Modified ridge lap pontic (Steinpontic) – essentially a ridge lap on the buccal and a bullet on the lingual, this pontic design has a convex base with pinpoint alveolar ridge contact on the buccal side. It can be used in most areas with aesthetic concern.

Ovate pontic – the most esthetic, resembling a tooth emerging from the alveolar socket. It is the most difficult to achieve because the design may require surgical ridge augmentation prior to fabrication. Patients may be unwilling to sign up for additional surgeries.
VENEERS
Veneers can be a highly aesthetic treatment option to treat a range of cases, including:
- Covering surface defects, for example hypoplasia.
- Masking discolored teeth (tetracycline staining, traumatic dental injuries etc.).
- Repairing structural damage.
- Improvement in tooth shape and color (e.g. peg laterals).
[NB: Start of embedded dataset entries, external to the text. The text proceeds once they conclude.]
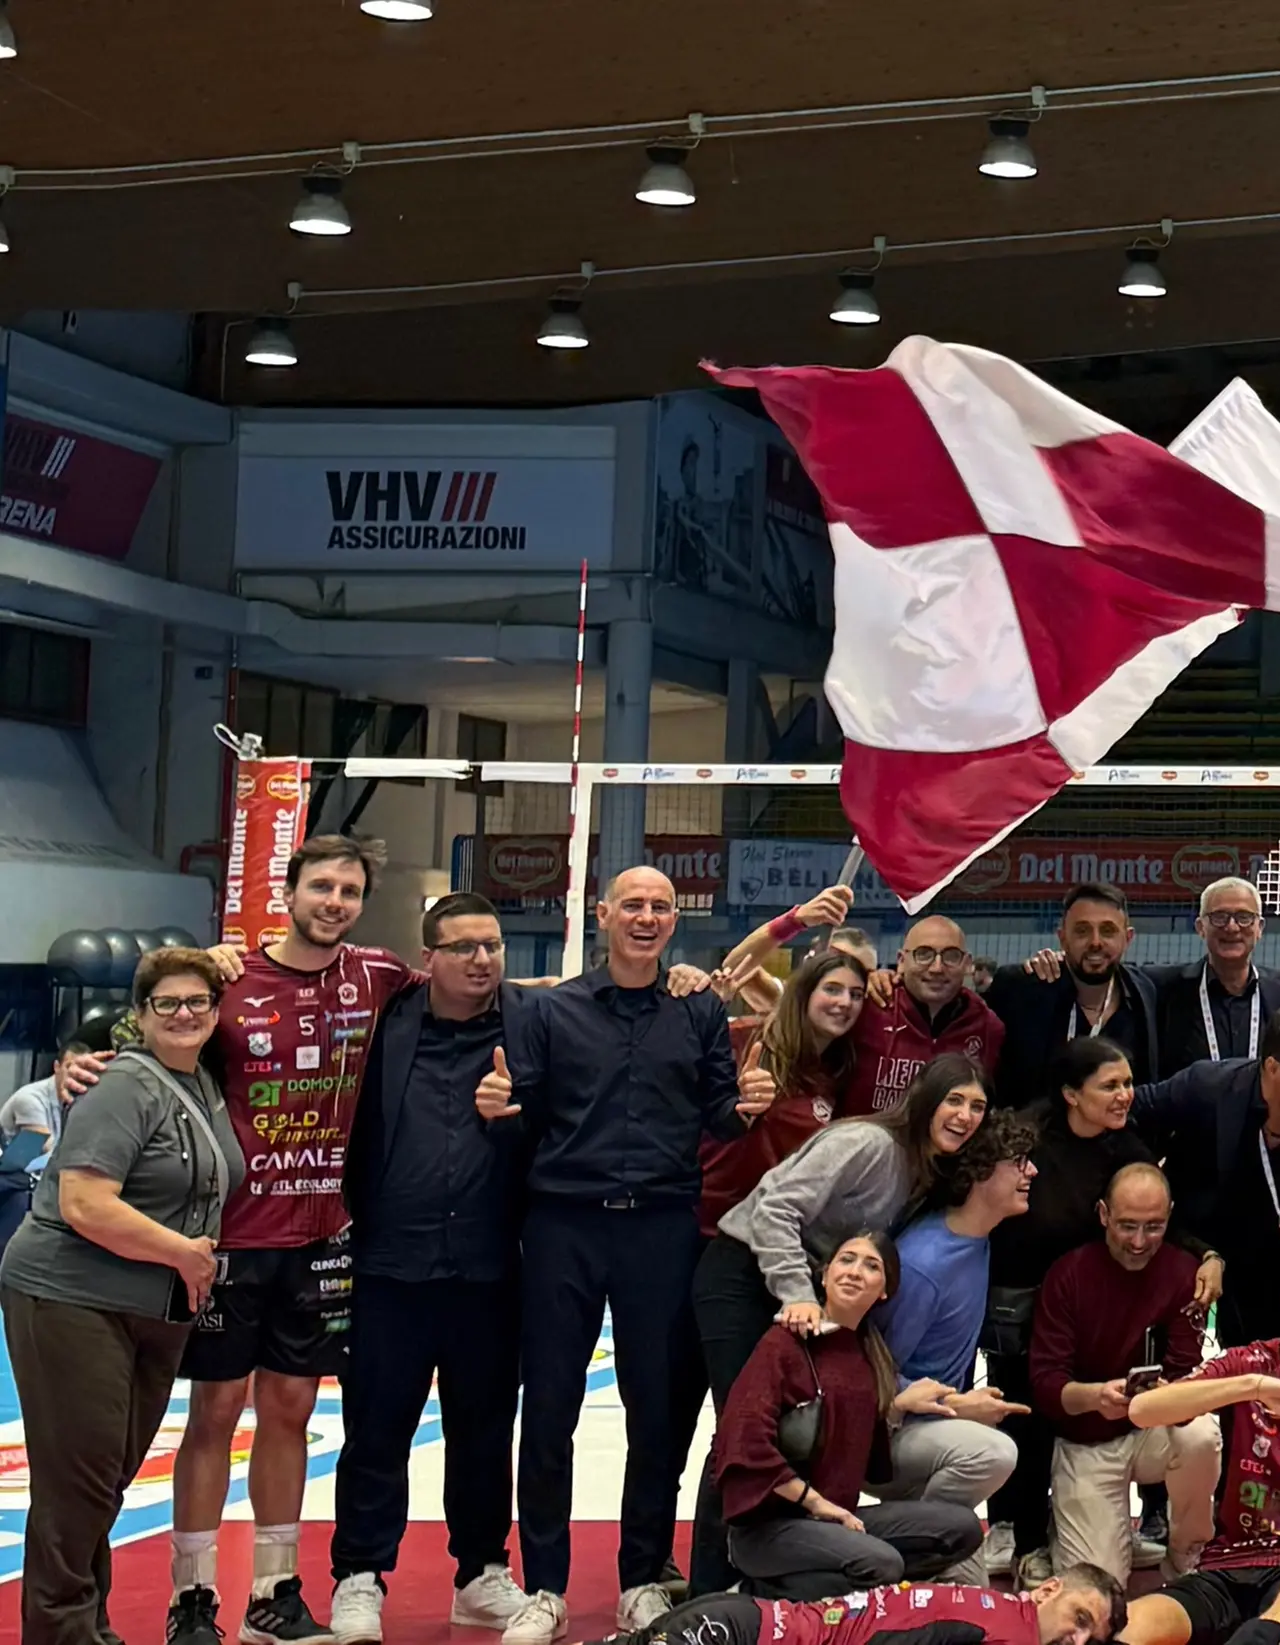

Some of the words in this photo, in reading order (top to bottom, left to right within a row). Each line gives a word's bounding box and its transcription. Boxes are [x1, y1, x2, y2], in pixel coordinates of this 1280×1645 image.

[326, 471, 442, 521] VHV
[0, 496, 56, 535] RENA
[327, 526, 526, 550] ASSICURAZIONI
[645, 849, 721, 879] onte
[1018, 852, 1064, 884] Del
[1070, 853, 1164, 885] Monte
[299, 1014, 316, 1036] 5
[288, 1074, 357, 1092] DOMOTEK
[253, 1111, 319, 1129] GOLD
[250, 1147, 345, 1172] CANALE
But veneers are contraindicated in the following cases:
- Traumatic occlusal contacts.
- Unfavorable tooth morphology.
- The severe imbrication of teeth.
- Insufficient tooth structure.
- Insufficient enamel.
A pinledge restoration is a thin, modified lingual inlay used on anterior teeth that usually has 3 parallel pins (1.5-2mm long) that penetrate the lingual dentine for retention.
COLOR IN DENTISTRY
Color is produced by light reflecting from an object. Pigment color reproduction is determined by selective absorption and selective radiating (scattering). Tooth color is influenced in part by optical reflection, refraction and dispersion. The three dimensions of color:
- Hue – the actual color (e.g., red, yellow, green, etc.). On a Vita shade guide this would mean selecting A (reddish-brownish), B (reddish-yellowish) , C (greyish shades) or D (reddish-grey). Slight changes in hue may be accomplished within a restoration.
- Chroma – the amount of saturation/intensity/strength of the color or shade. Once the hue is selected (say B shade) the saturation can be determined (B1, B2, B3 etc). Chroma can be successfully increased by external colorants/stains.
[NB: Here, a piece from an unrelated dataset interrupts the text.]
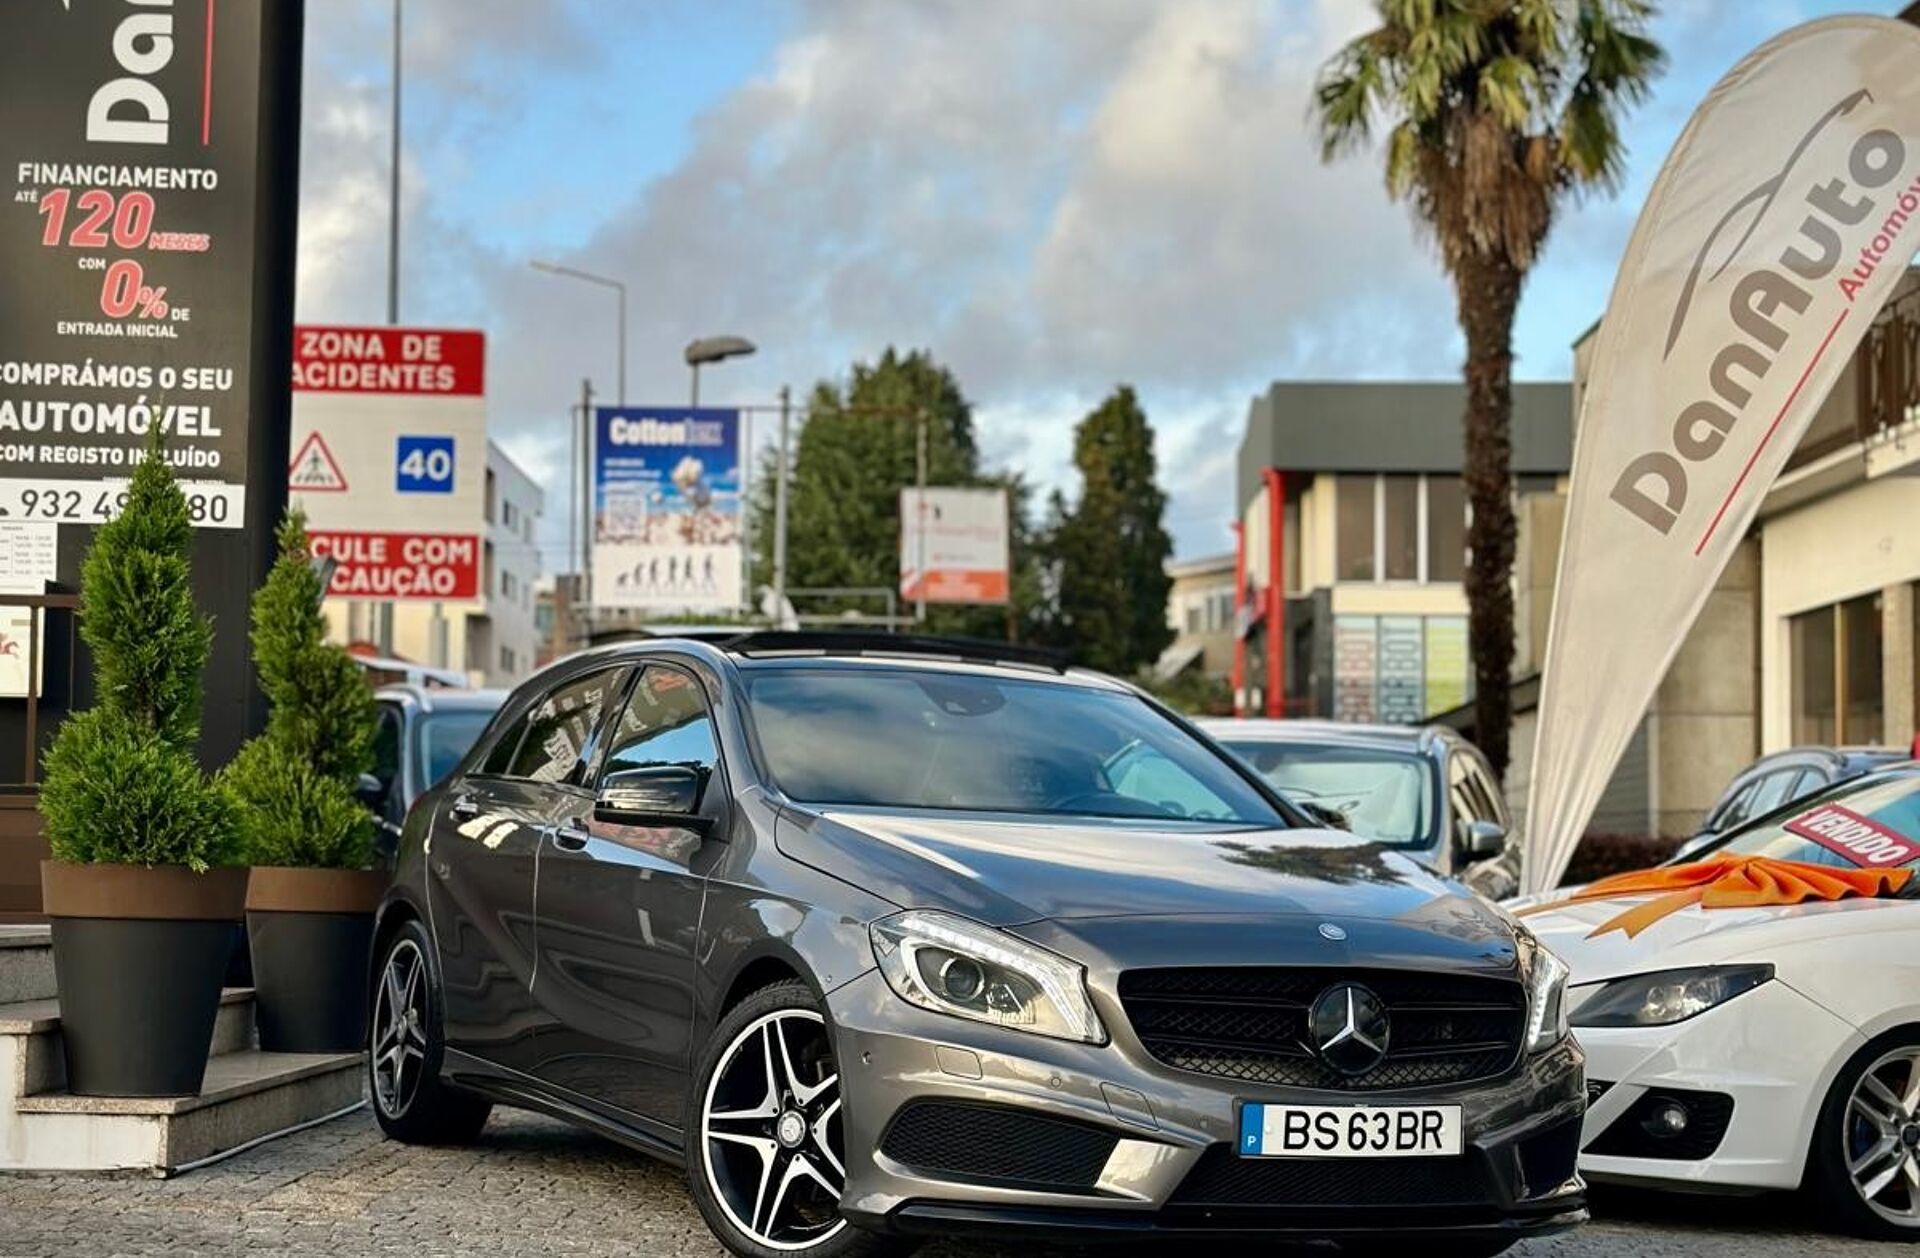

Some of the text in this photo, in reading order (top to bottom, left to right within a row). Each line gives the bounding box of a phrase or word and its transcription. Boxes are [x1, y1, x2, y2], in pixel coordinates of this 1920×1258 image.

- Value – the relative lightness/brightness or darkness. Value and chroma are inversely proportional (higher value, lower chroma). External colorants can be used to lower the value, but it is almost impossible to increase the value of an existing ceramic restoration. Generally, older patients will have teeth with lower value and higher chroma, compared to younger patients. Intensity is included in the term value.
Only two modifications to hue are commonly accomplished. The addition of pink-purple will move yellow towards yellow-red. The addition of yellow will decrease the red content of a yellow-red shade.
Characterization is the art of producing natural defects to enhance the realism of a restoration.
Metamerism is the optical phenomenon when an object appears to change color under different lighting conditions. A crown color matched in a dental chair using the dental light may be a poor color match when the patient steps out into direct sunlight. It is important to select a shade in different lighting conditions.
Fluorescence describes the reflection of (longer wavelength) visible light when an object is exposed to ultraviolet (UV) light. Dentine will “glow” blue-white hues (400-450nm) when exposed to UV light. Fluorescence in porcelain is important to minimize metamerism in differing light conditions.
Blue fatigue increases yellow sensitivity. If a dentist stares at a blue object (blue curtains for example) it can cause blue fatigue which accentuates the ability to discriminate yellow shades while selecting the tooth color.
Opalescence describes the optical effect of a translucent material. An opalescent object will appear to be one color when light is reflected from it and another color when light is transmitted through it. For example, teeth appear more blue in reflected light and more red-orange in transmitted light. This effect can be created in porcelain restorations by incorporating submicron particles of porcelain into the enamel layers.
When selecting the shade of a tooth, the surrounding colors caused by bright lipstick, heavy make-up, dark glasses, or articles of clothing can affect the perception of color. Make sure the teeth are clean before shade matching. Staring too long will cause fatigue, decreasing the ability to discriminate colors and shades. Half closing your eyes can increase the sensitivity of retinal rods to better select value.